• **Work instructions**:
What is needed is an exact transcription of the listing, with the images removed.

• **Given entries**:
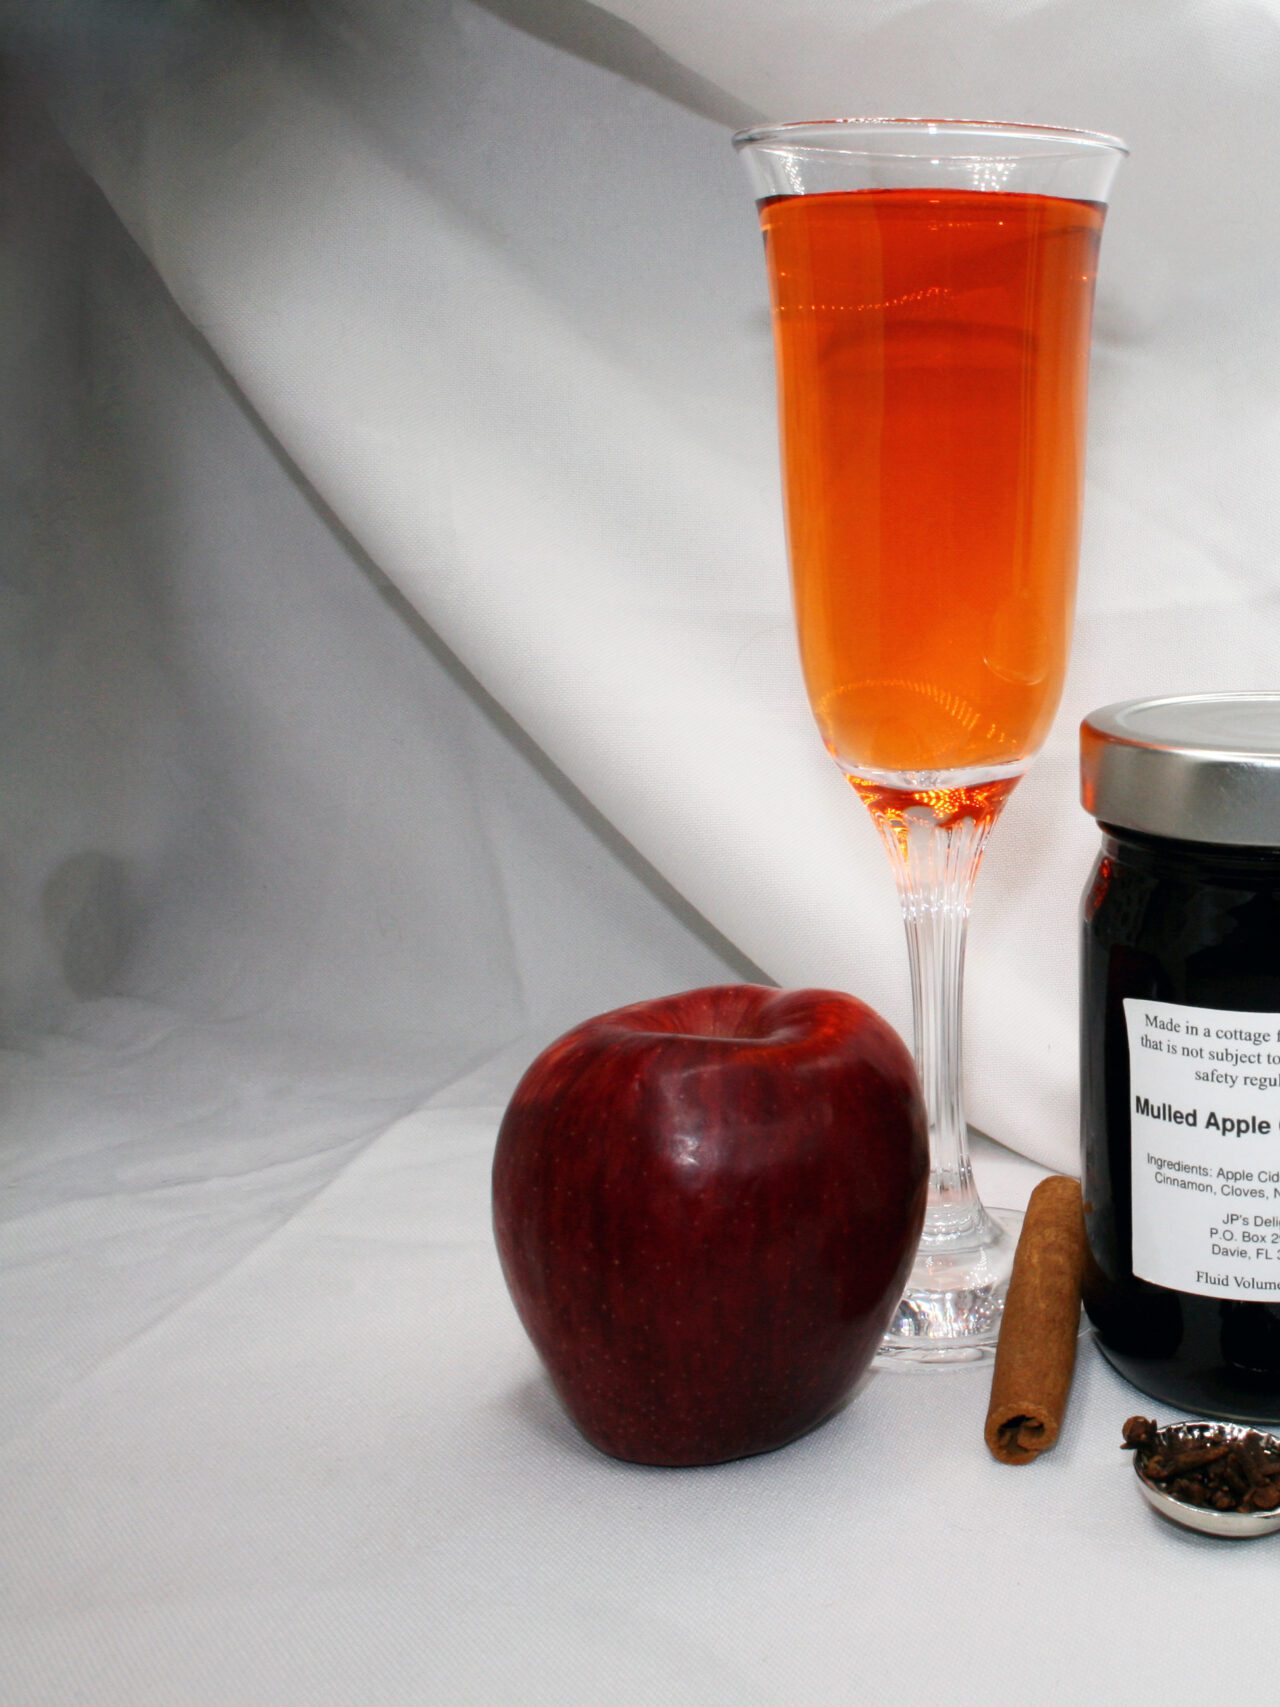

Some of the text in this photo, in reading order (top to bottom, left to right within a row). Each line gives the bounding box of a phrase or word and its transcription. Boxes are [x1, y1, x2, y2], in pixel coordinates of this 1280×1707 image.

[1144, 1013, 1181, 1033] Made
[1186, 1020, 1198, 1036] in
[1203, 1027, 1211, 1038] a
[1215, 1027, 1270, 1046] cottage
[1140, 1034, 1163, 1051] that
[1167, 1040, 1177, 1055] is
[1181, 1046, 1204, 1059] not
[1208, 1047, 1262, 1067] subject
[1194, 1068, 1238, 1089] safety
[1135, 1096, 1198, 1127] Mulled
[1205, 1111, 1271, 1138] Apple
[1147, 1152, 1213, 1177] Ingredients:
[1216, 1167, 1254, 1183] Apple
[1154, 1171, 1217, 1195] Cinnamon,
[1220, 1184, 1269, 1200] Cloves,
[1222, 1213, 1250, 1226] JP's
[1209, 1227, 1238, 1242] P.O.
[1241, 1230, 1267, 1243] Box
[1211, 1243, 1251, 1260] Davie,
[1256, 1248, 1273, 1260] FL
[1196, 1270, 1230, 1287] Fluid
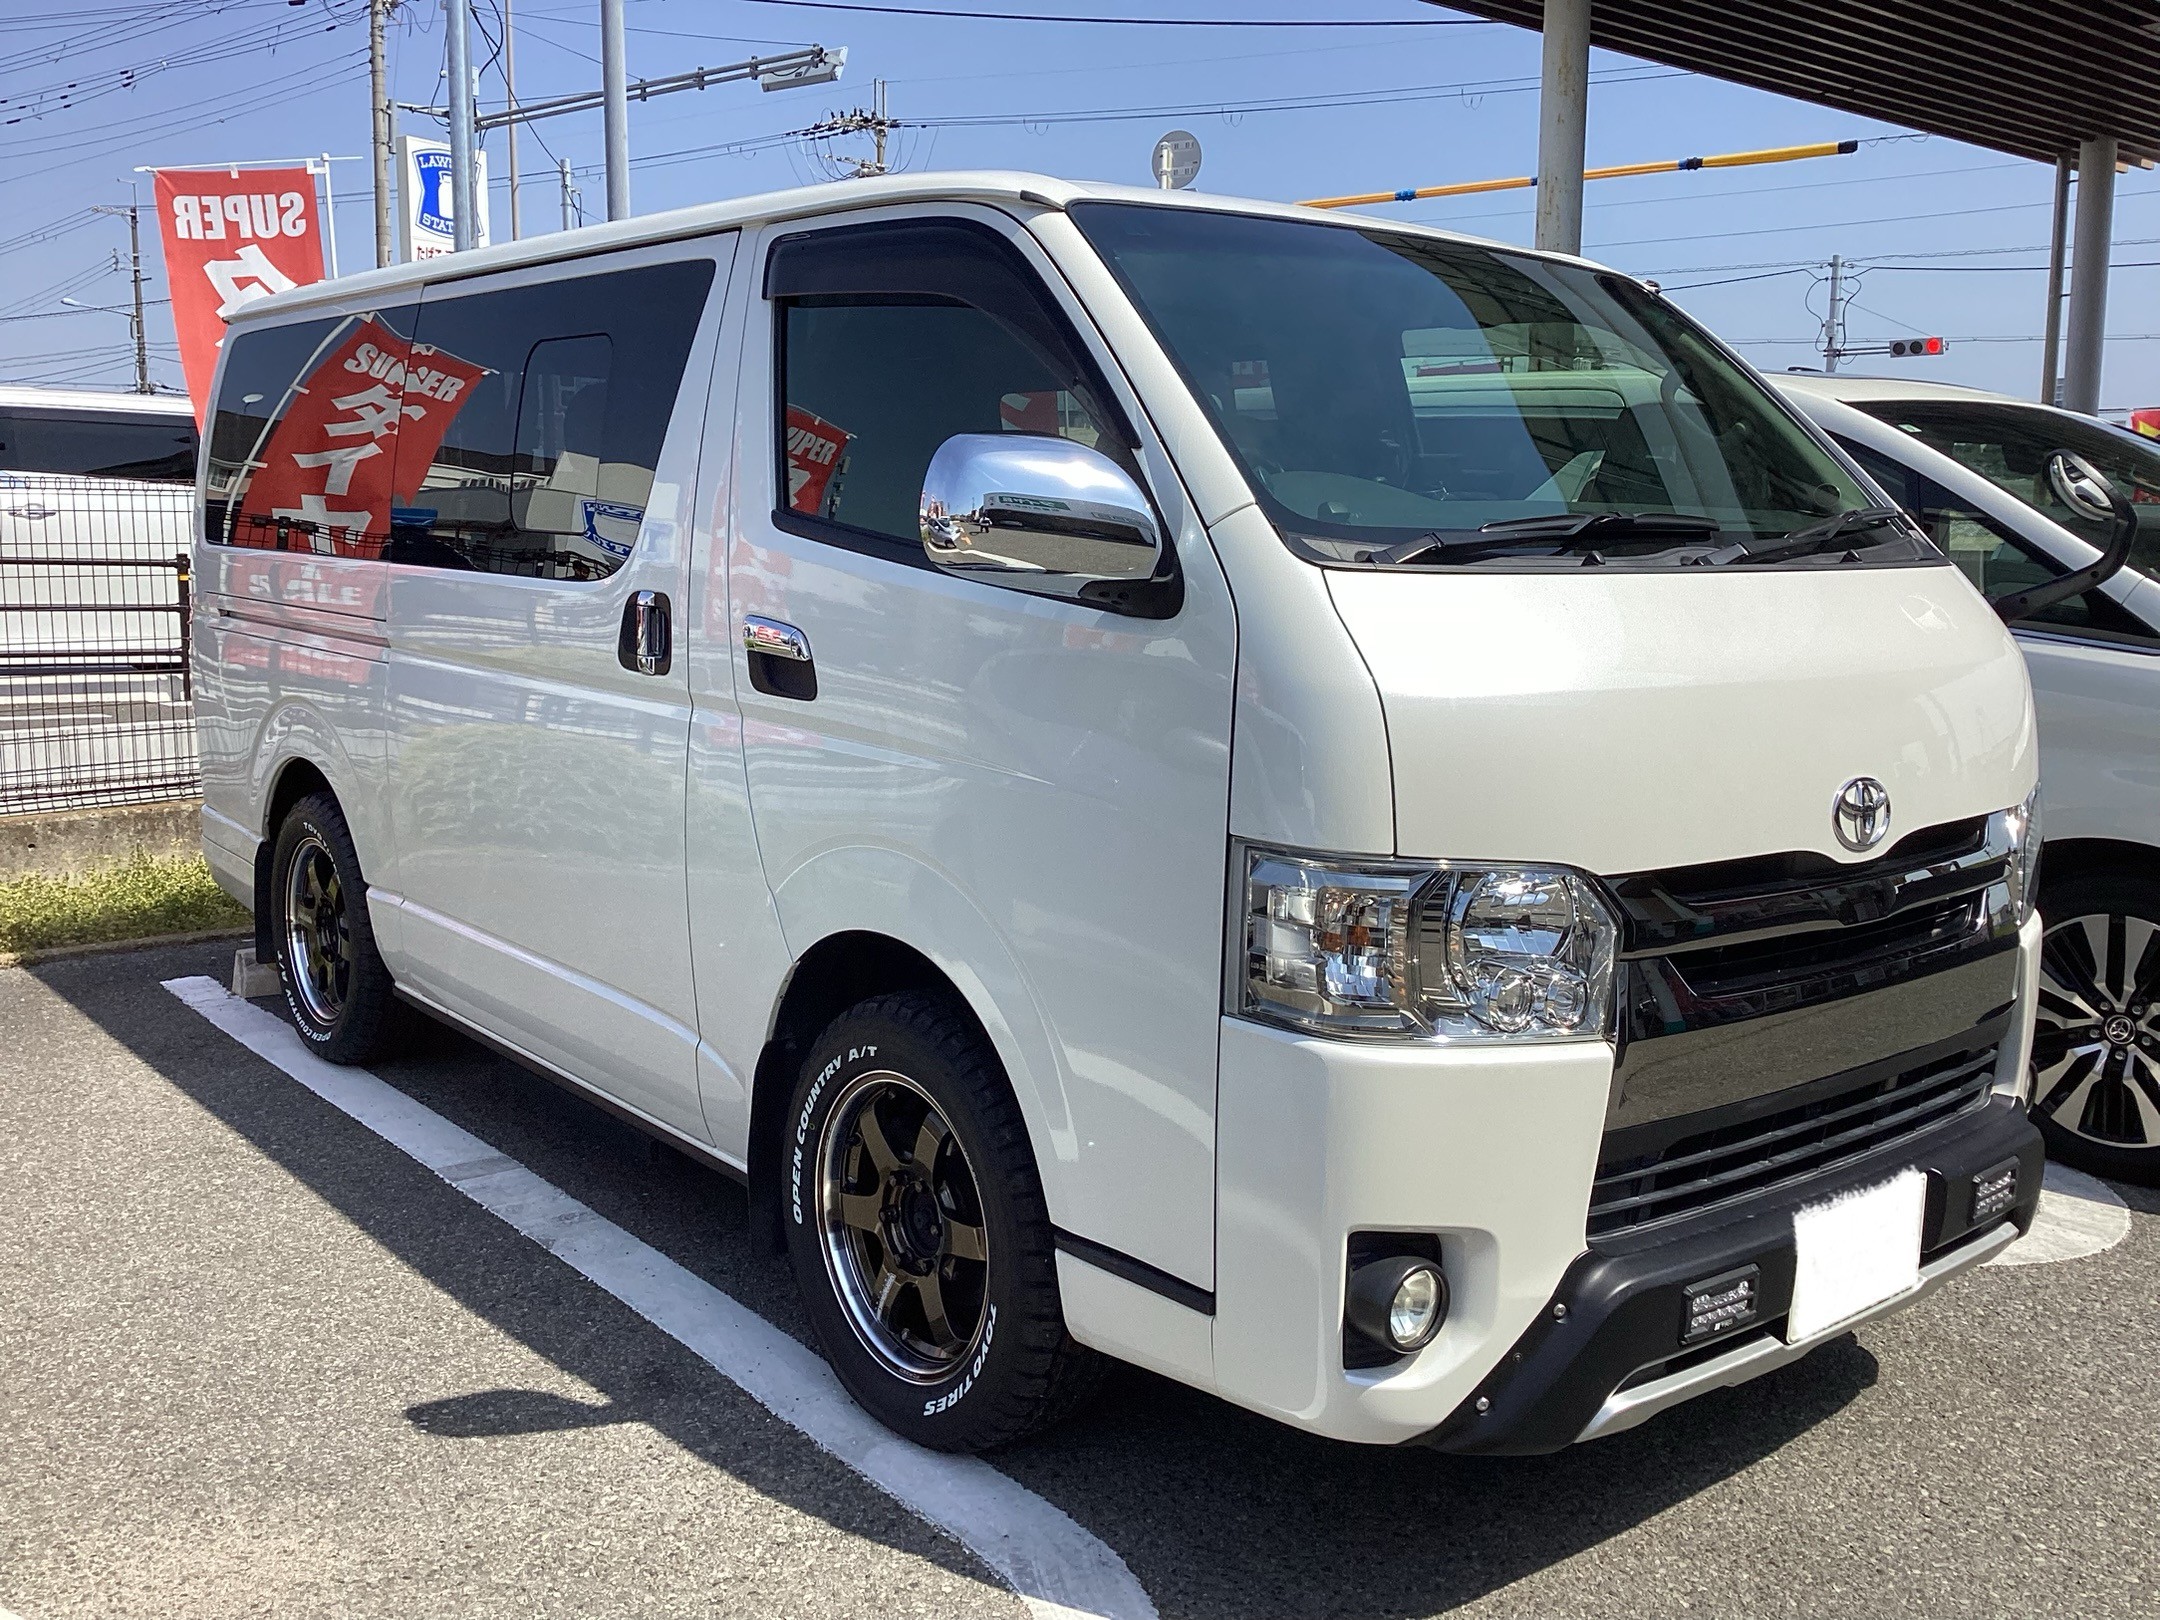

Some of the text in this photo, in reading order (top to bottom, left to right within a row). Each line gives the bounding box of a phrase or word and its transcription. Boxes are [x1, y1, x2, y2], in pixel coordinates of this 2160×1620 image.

• **Task result**:
Some of the text in this photo, in reading order (top to bottom, left to right within a row). Each line gives the bounding box of a phrase or word and its transcription. Boxes are [x1, y1, x2, y2], in pixel coordinates of this 1280×1707 image.

[1144, 1013, 1181, 1033] Made
[1186, 1020, 1198, 1036] in
[1203, 1027, 1211, 1038] a
[1215, 1027, 1270, 1046] cottage
[1140, 1034, 1163, 1051] that
[1167, 1040, 1177, 1055] is
[1181, 1046, 1204, 1059] not
[1208, 1047, 1262, 1067] subject
[1194, 1068, 1238, 1089] safety
[1135, 1096, 1198, 1127] Mulled
[1205, 1111, 1271, 1138] Apple
[1147, 1152, 1213, 1177] Ingredients:
[1216, 1167, 1254, 1183] Apple
[1154, 1171, 1217, 1195] Cinnamon,
[1220, 1184, 1269, 1200] Cloves,
[1222, 1213, 1250, 1226] JP's
[1209, 1227, 1238, 1242] P.O.
[1241, 1230, 1267, 1243] Box
[1211, 1243, 1251, 1260] Davie,
[1256, 1248, 1273, 1260] FL
[1196, 1270, 1230, 1287] Fluid

Some of the text in this photo, in reading order (top to bottom, left to right within a row). Each line gives the bounding box of a phrase or word and its transcription. Boxes are [x1, y1, x2, y2], in pixel coordinates of this 2160×1620 image.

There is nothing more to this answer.